Records for processing:
"""
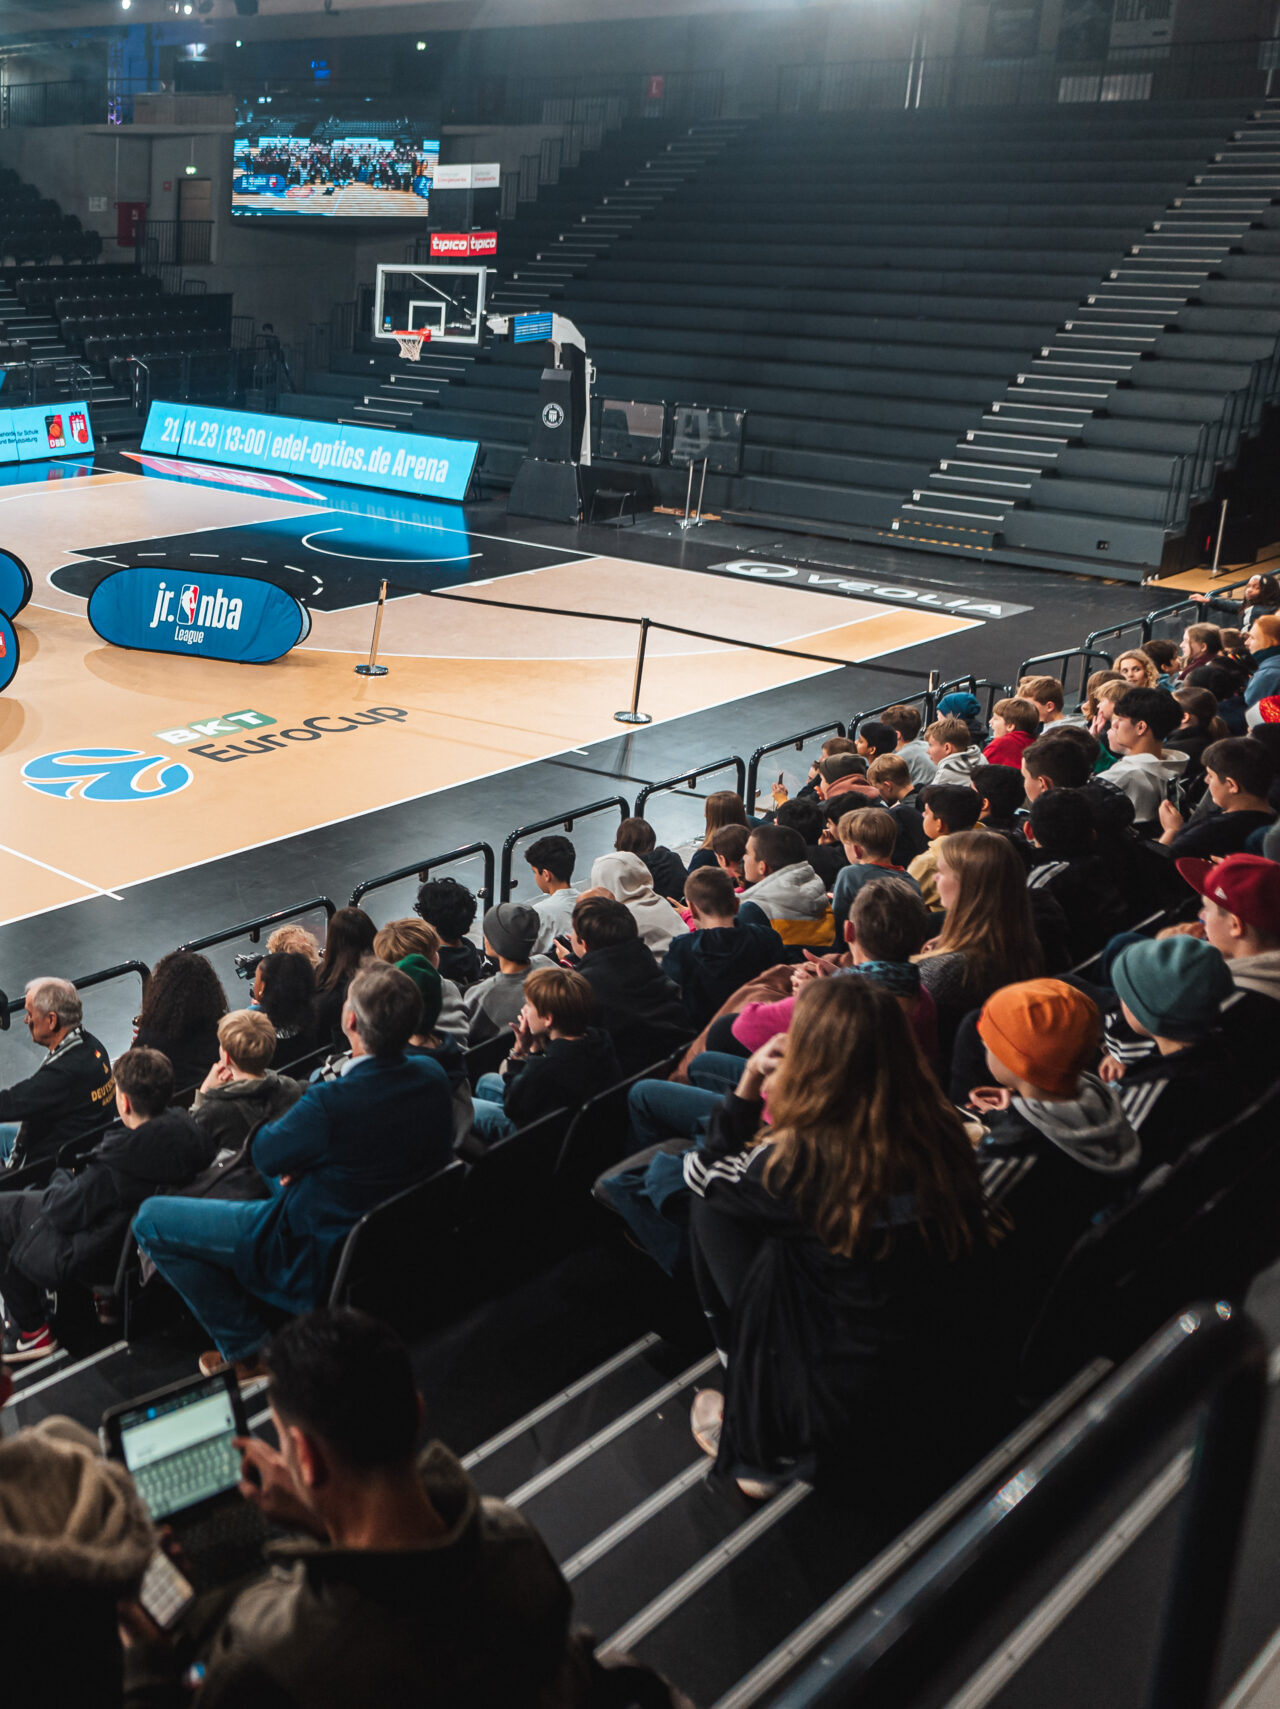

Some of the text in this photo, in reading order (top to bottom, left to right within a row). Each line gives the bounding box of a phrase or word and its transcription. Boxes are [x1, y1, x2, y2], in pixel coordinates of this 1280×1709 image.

[432, 236, 468, 252] tipico
[470, 235, 496, 252] tipico
[161, 416, 449, 483] 21.11.23 13:00 edel-optics.de Arena
[197, 588, 243, 631] nba
[806, 573, 1003, 617] VEOLIA
[174, 625, 205, 645] League
[154, 709, 264, 747] BKT
[188, 706, 409, 763] EuroCup
"""
Work instruction:
Restate the preceding entries in full, word for word, with the pictures removed.

Answer to the exercise:
Some of the text in this photo, in reading order (top to bottom, left to right within a row). Each line gives the bounding box of a phrase or word and its transcription. Boxes are [x1, y1, x2, y2], in pixel coordinates of this 1280×1709 image.

[432, 236, 468, 252] tipico
[470, 235, 496, 252] tipico
[161, 416, 449, 483] 21.11.23 13:00 edel-optics.de Arena
[197, 588, 243, 631] nba
[806, 573, 1003, 617] VEOLIA
[174, 625, 205, 645] League
[154, 709, 264, 747] BKT
[188, 706, 409, 763] EuroCup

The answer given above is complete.